Provided data:
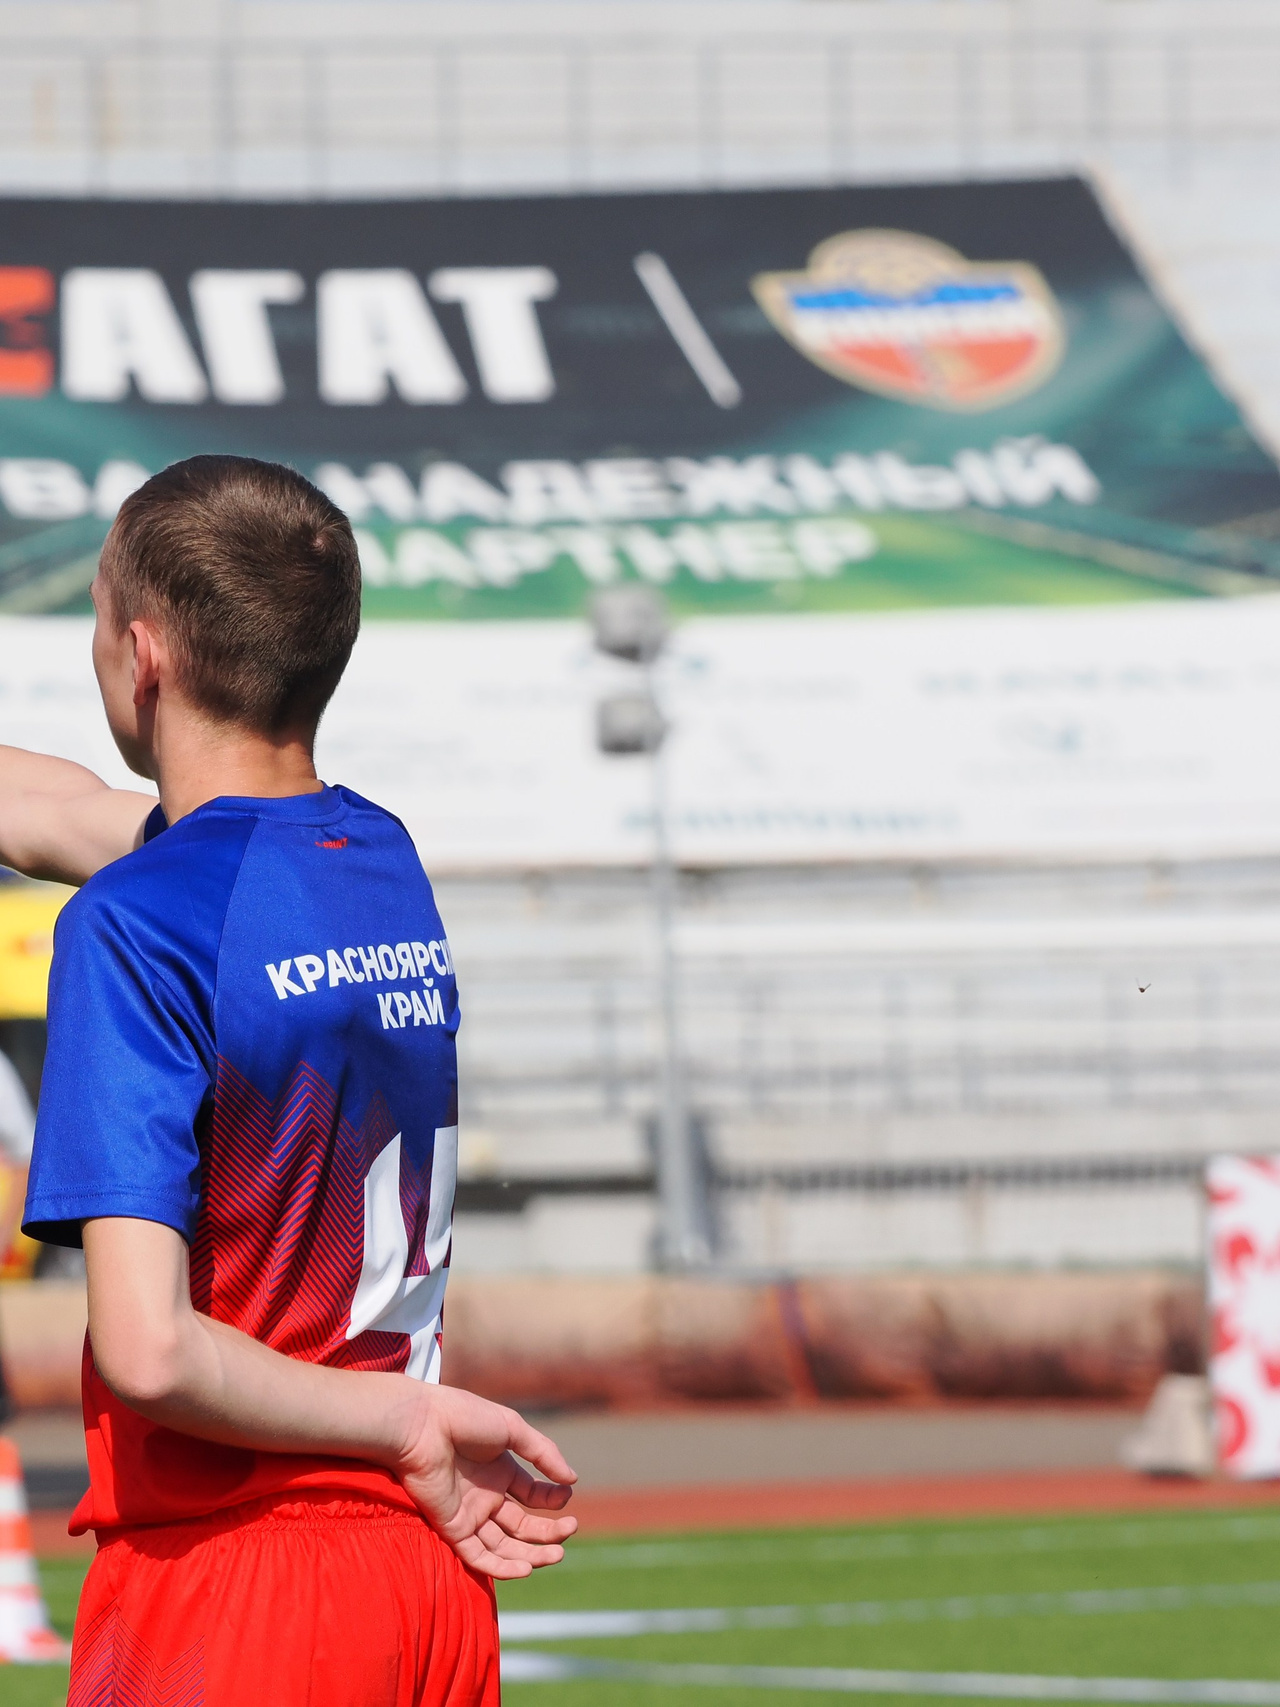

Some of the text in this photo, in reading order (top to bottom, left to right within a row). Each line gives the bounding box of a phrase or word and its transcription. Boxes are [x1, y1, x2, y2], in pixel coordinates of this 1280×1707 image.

[60, 266, 558, 405] АГАТ
[314, 437, 1102, 525] НАДЕЖНЫЙ
[377, 978, 446, 1029] КРАЙ
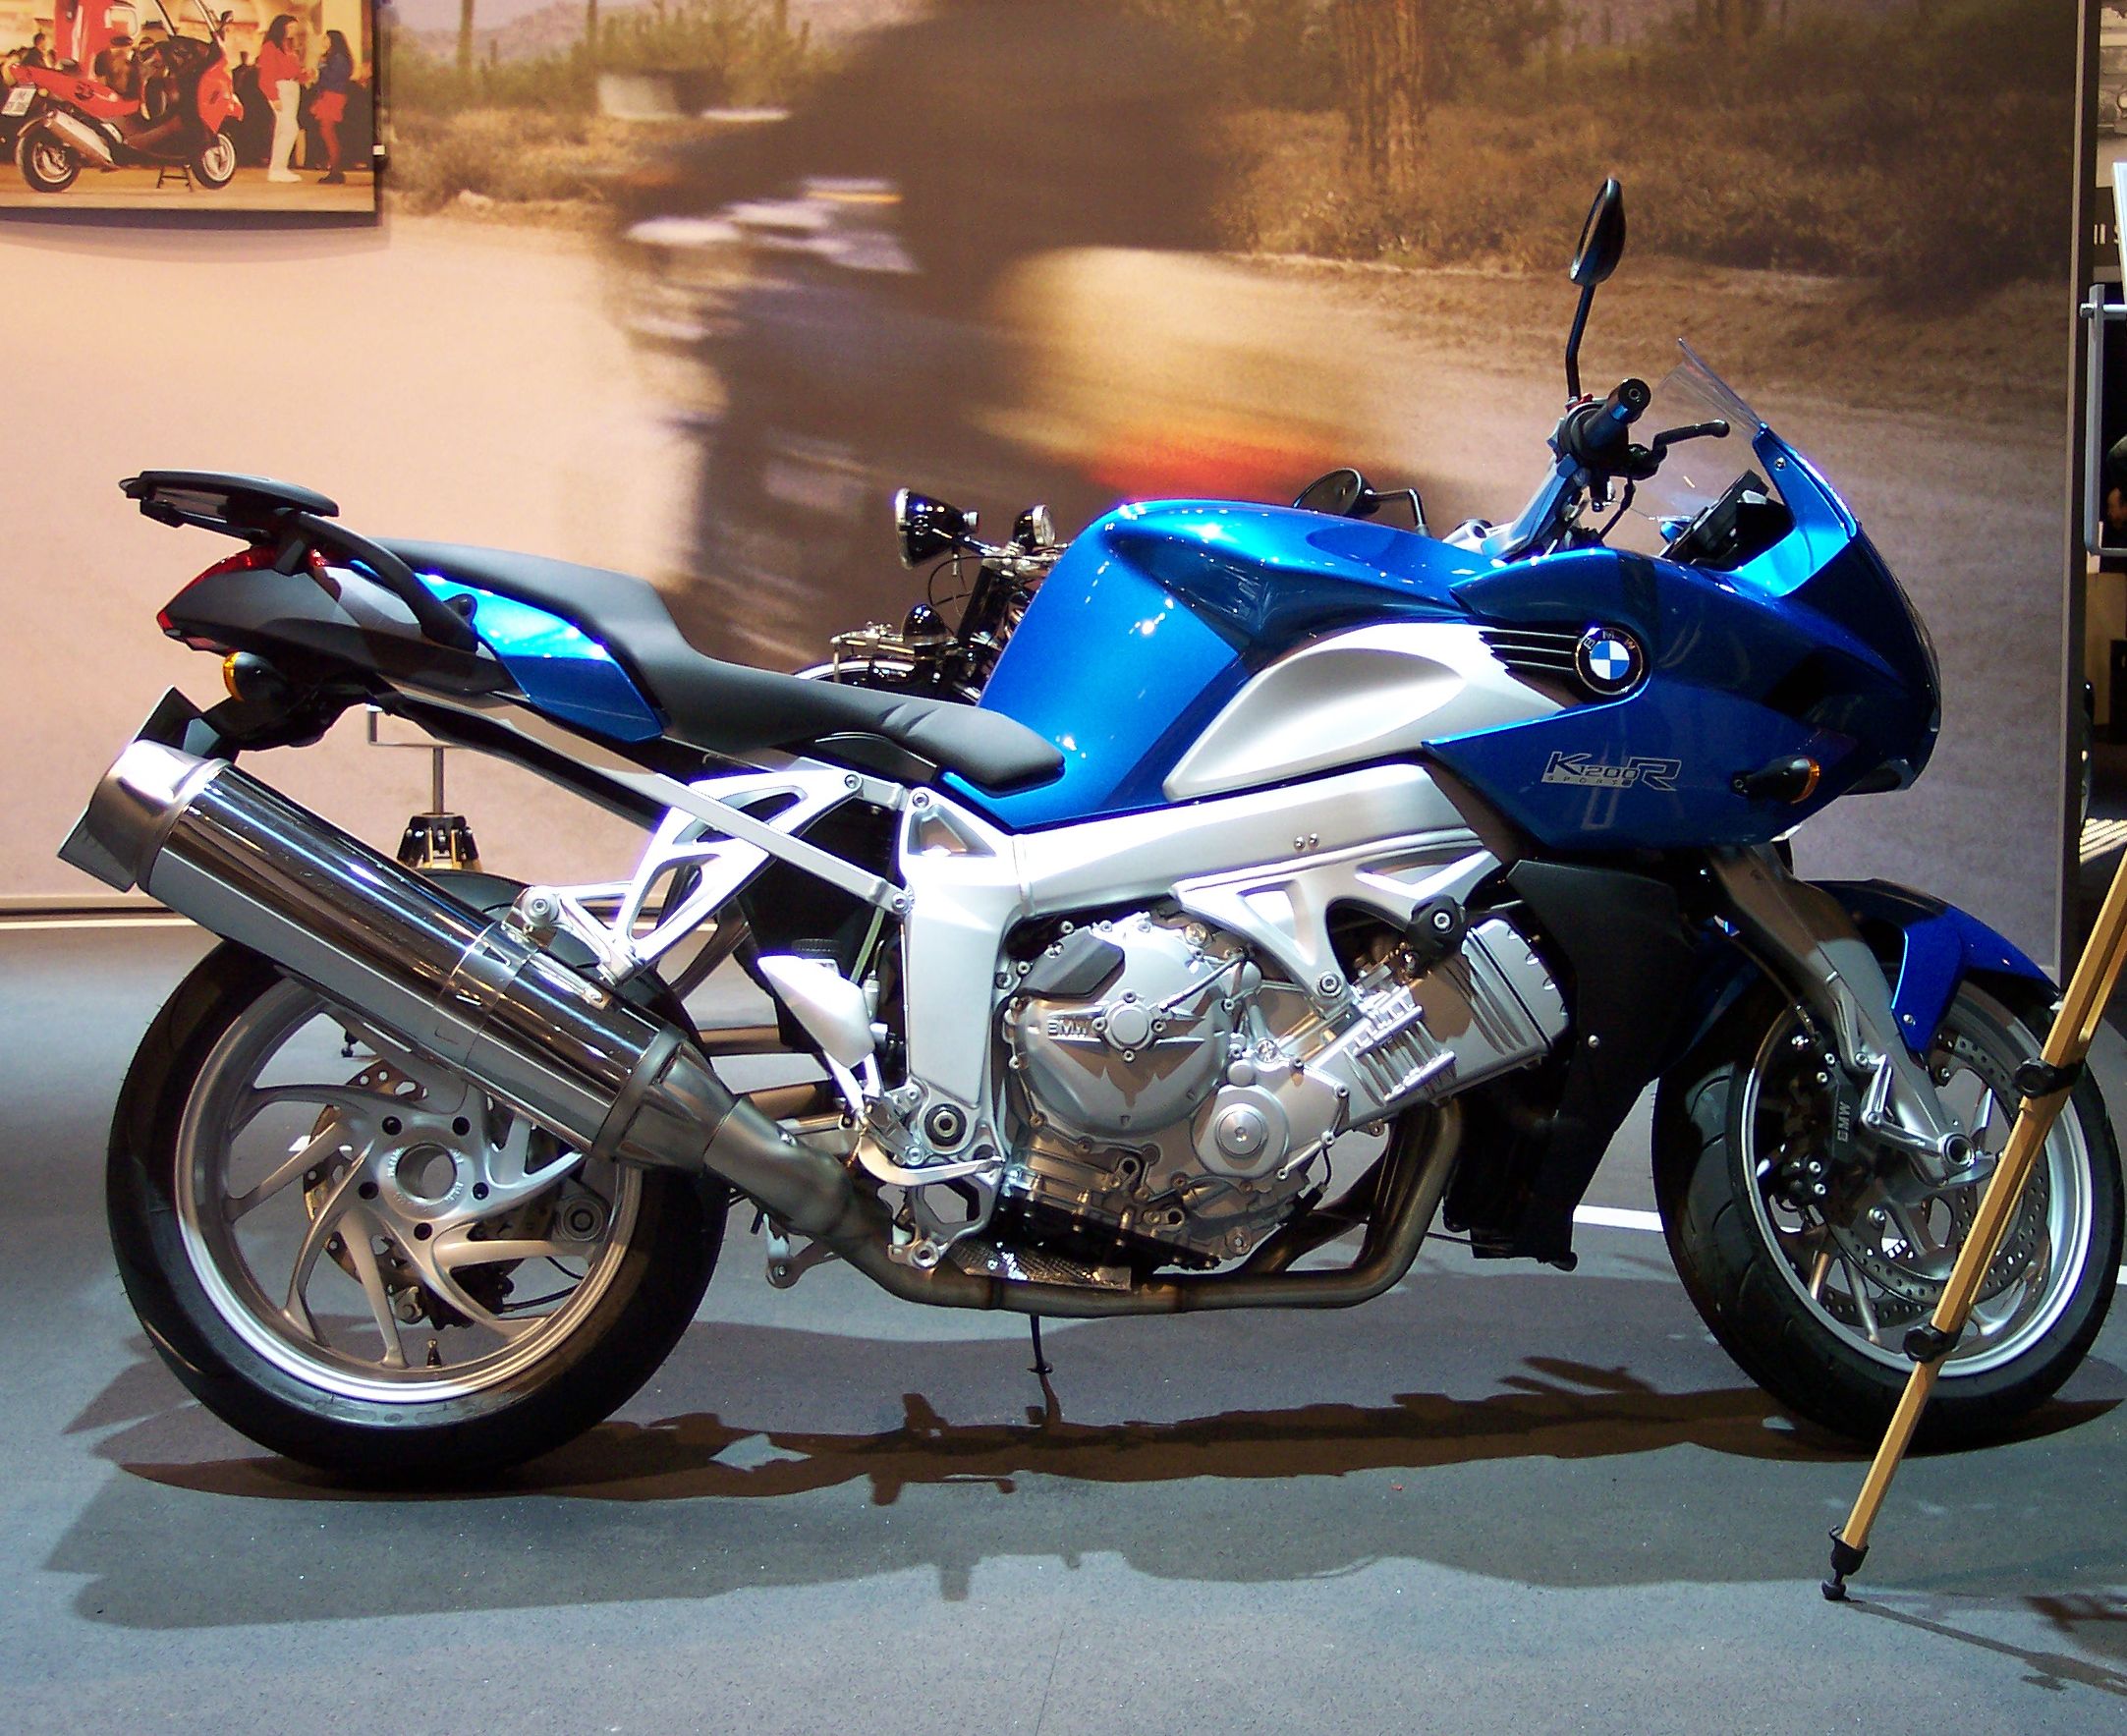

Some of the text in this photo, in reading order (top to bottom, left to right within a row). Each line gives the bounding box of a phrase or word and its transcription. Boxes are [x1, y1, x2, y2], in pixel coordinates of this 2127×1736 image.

[1583, 630, 1636, 650] BMW
[1047, 1019, 1088, 1036] BMW
[1837, 1100, 1851, 1143] BMW

Exercise directions:
At the line containing "this 2127×1736 image.", start transcribing exactly, and continue through the last line of the listing. Stop there and add nothing.

The answer:
Some of the text in this photo, in reading order (top to bottom, left to right within a row). Each line gives the bounding box of a phrase or word and its transcription. Boxes are [x1, y1, x2, y2], in pixel coordinates of this 2127×1736 image.

[1583, 630, 1636, 650] BMW
[1047, 1019, 1088, 1036] BMW
[1837, 1100, 1851, 1143] BMW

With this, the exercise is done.